Congress responded swiftly. It found that the FLSA had “been interpreted judicially in disregard of long established customs, practices, and contracts between employers and employees, thereby creating wholly unexpected liabilities, immense in amount and retroactive in operation, upon employers.” 29 U. S. C. §251(a). Declaring the situation to be an “emergency,” Congress found that, if such interpretations “were permitted to stand, . . . the payment of such liabilities would bring about financial ruin of many employers” and “employees would receive windfall payments . . . for activities performed by them without any expectation of reward beyond that included in their agreed rates of pay.” §§251(a)–(b).
Congress met this emergency with the Portal-to-PortalAct.
Although the current epidemic of FLSA collective actions which has been well documented perhaps took a little longer to ramp up, you could use almost identical language to Judge Thomas first paragraph above, only the number of lawsuit and the amounts being claimed would be much larger.

Certainly the same harms have been visited on business for the last 15 years. And of course the political chance of a modern Portal to Portal Act which would deal with those issues is not even slim and none, it is just none.
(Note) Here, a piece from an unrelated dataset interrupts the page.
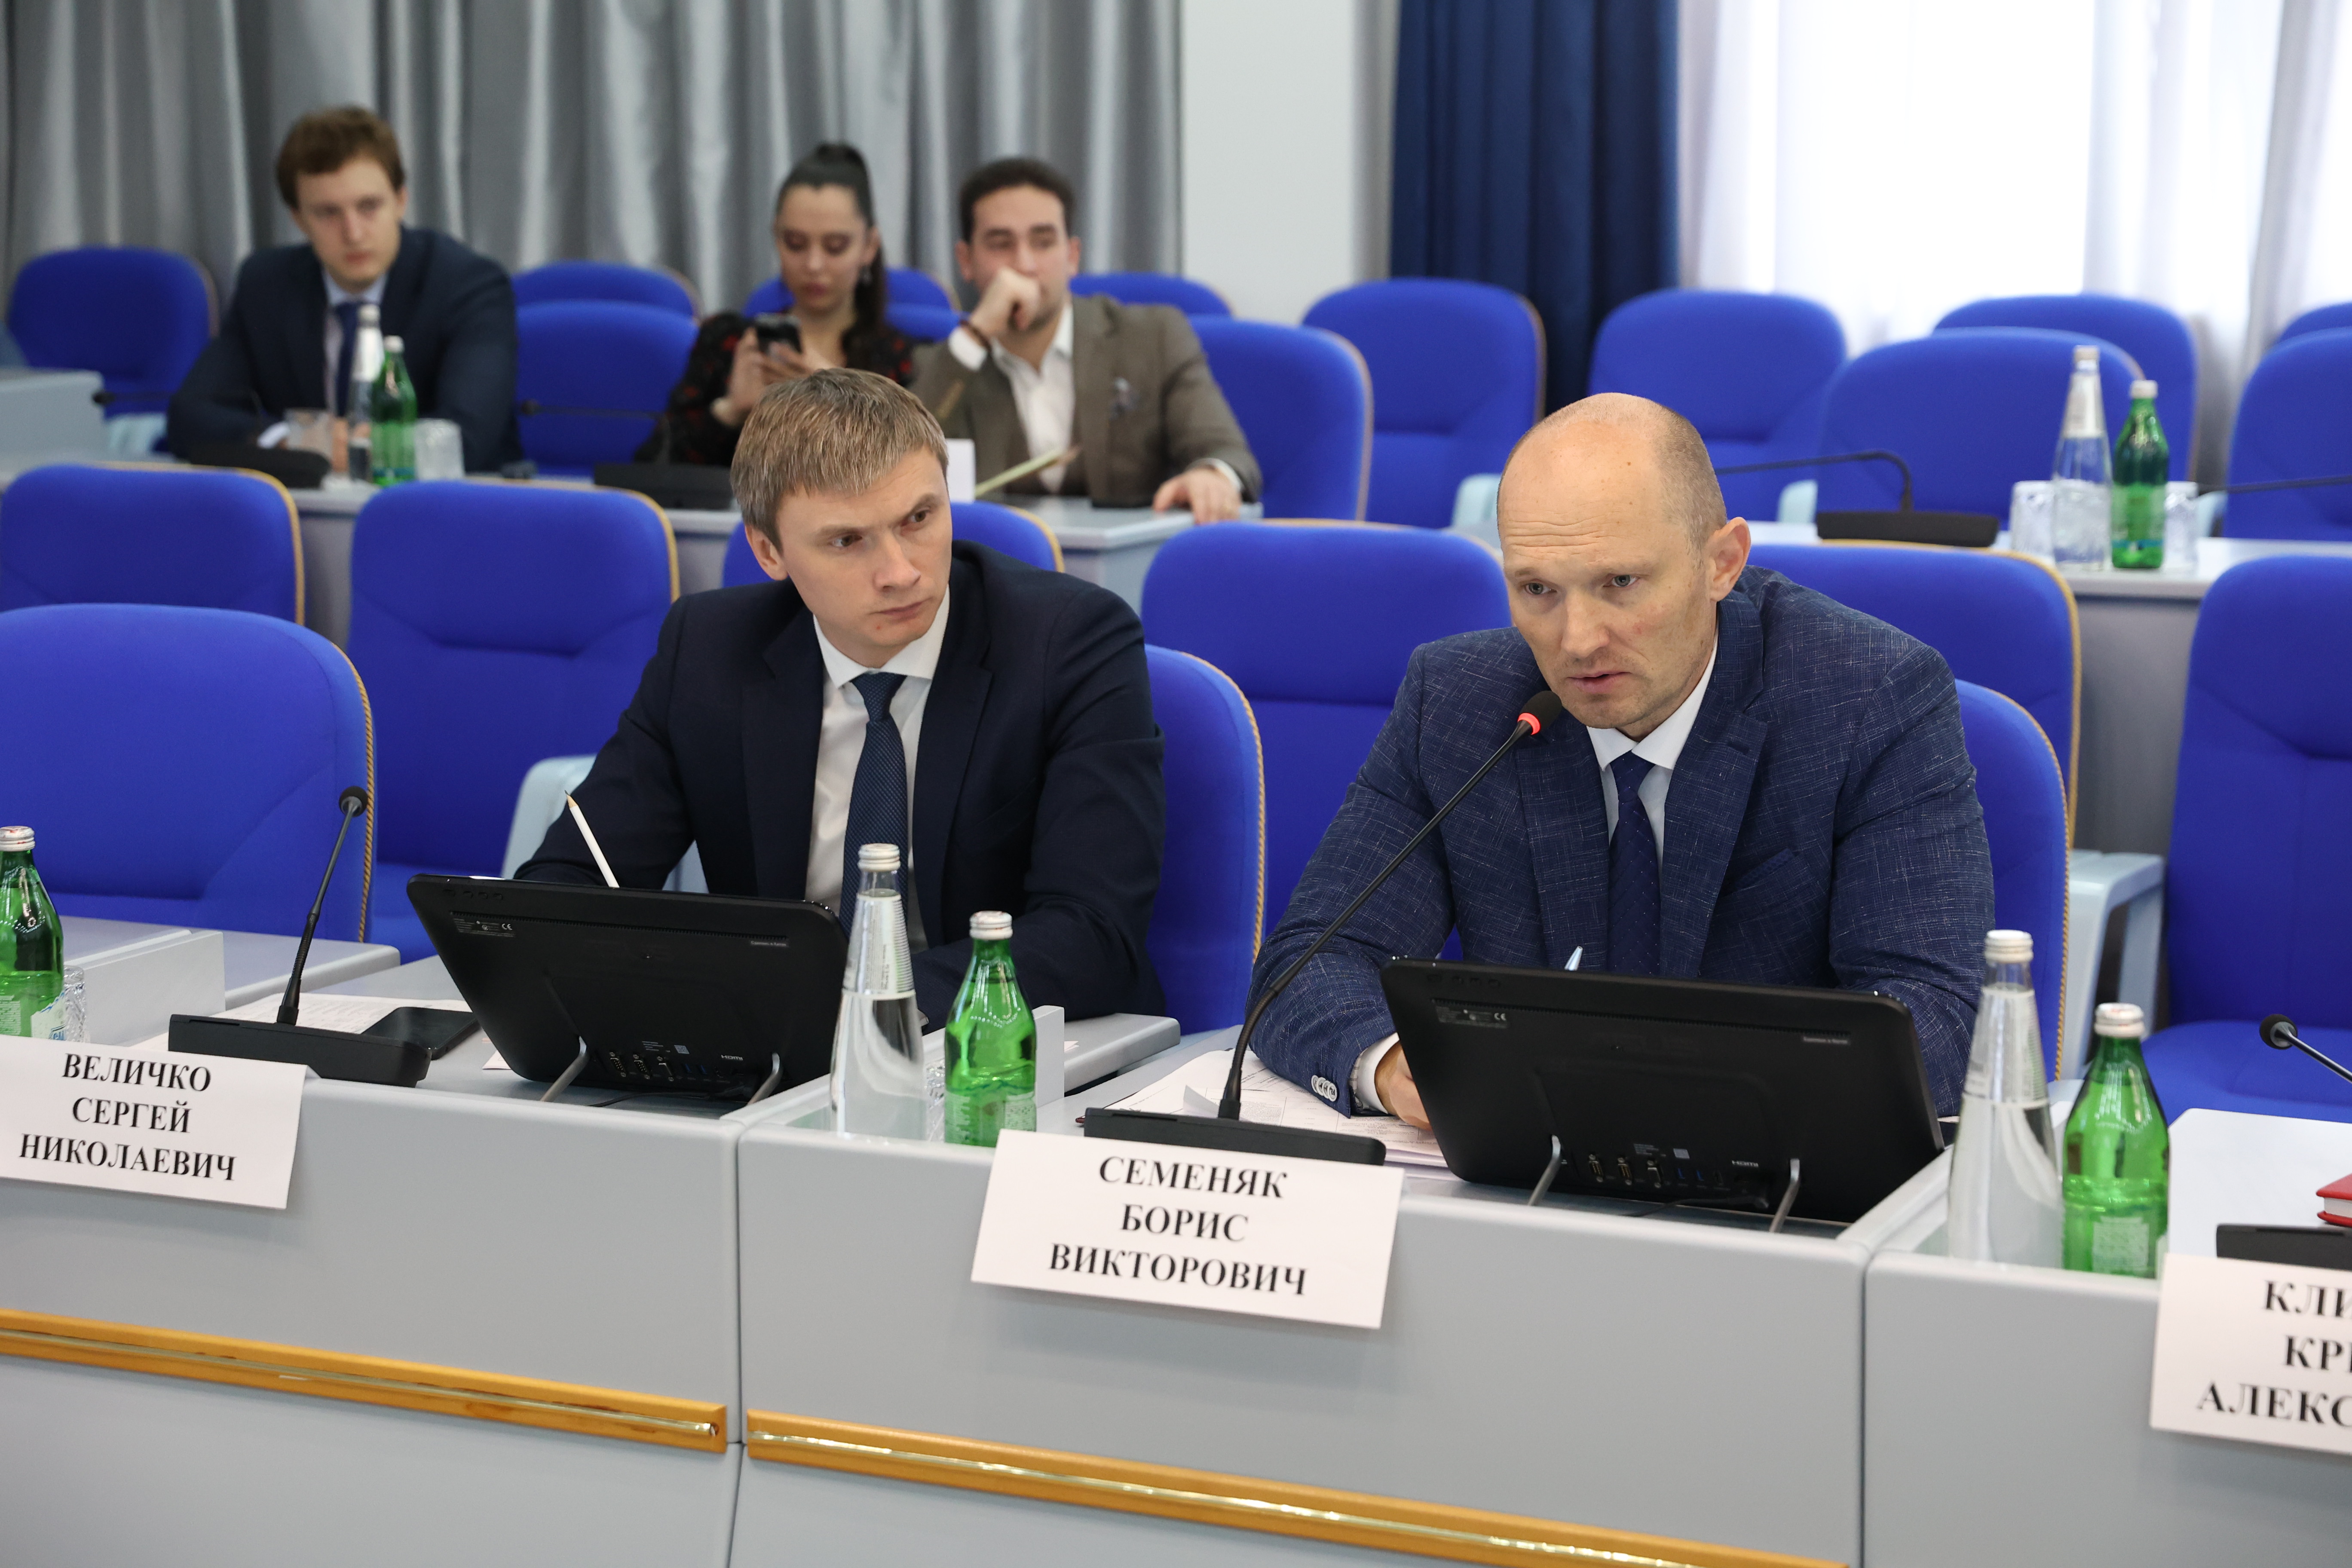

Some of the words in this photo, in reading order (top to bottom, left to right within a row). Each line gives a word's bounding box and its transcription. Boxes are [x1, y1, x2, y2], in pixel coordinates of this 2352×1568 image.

But the courts, including the Supreme Court could act, if they just would by changing the standards for collective action certification. Currently we have a kabuki process where with only minimal evidence, or sometimes not even evidence, just allegations, large classes are 'conditionally certified' and employers are extorted to settle to avoid the expense and uncertainty of  large scale, expensive litigation.

Windfalls are created not only for numerous employees who knew full well what the economics of the job they were being asked to do was, but also for lawyers, on both sides of the docket who prosper greatly.

It's a crazy system, that in a better functioning world would have been solved directly. Instead, the best the courts have come up with so far is to allow employers to escape the problem by opting out of the judicial system into the world of private arbitration.

I am really not one who believes that the world was better in 1947 than today. Heck, even I am not that old. But there is no question that some things were handled better.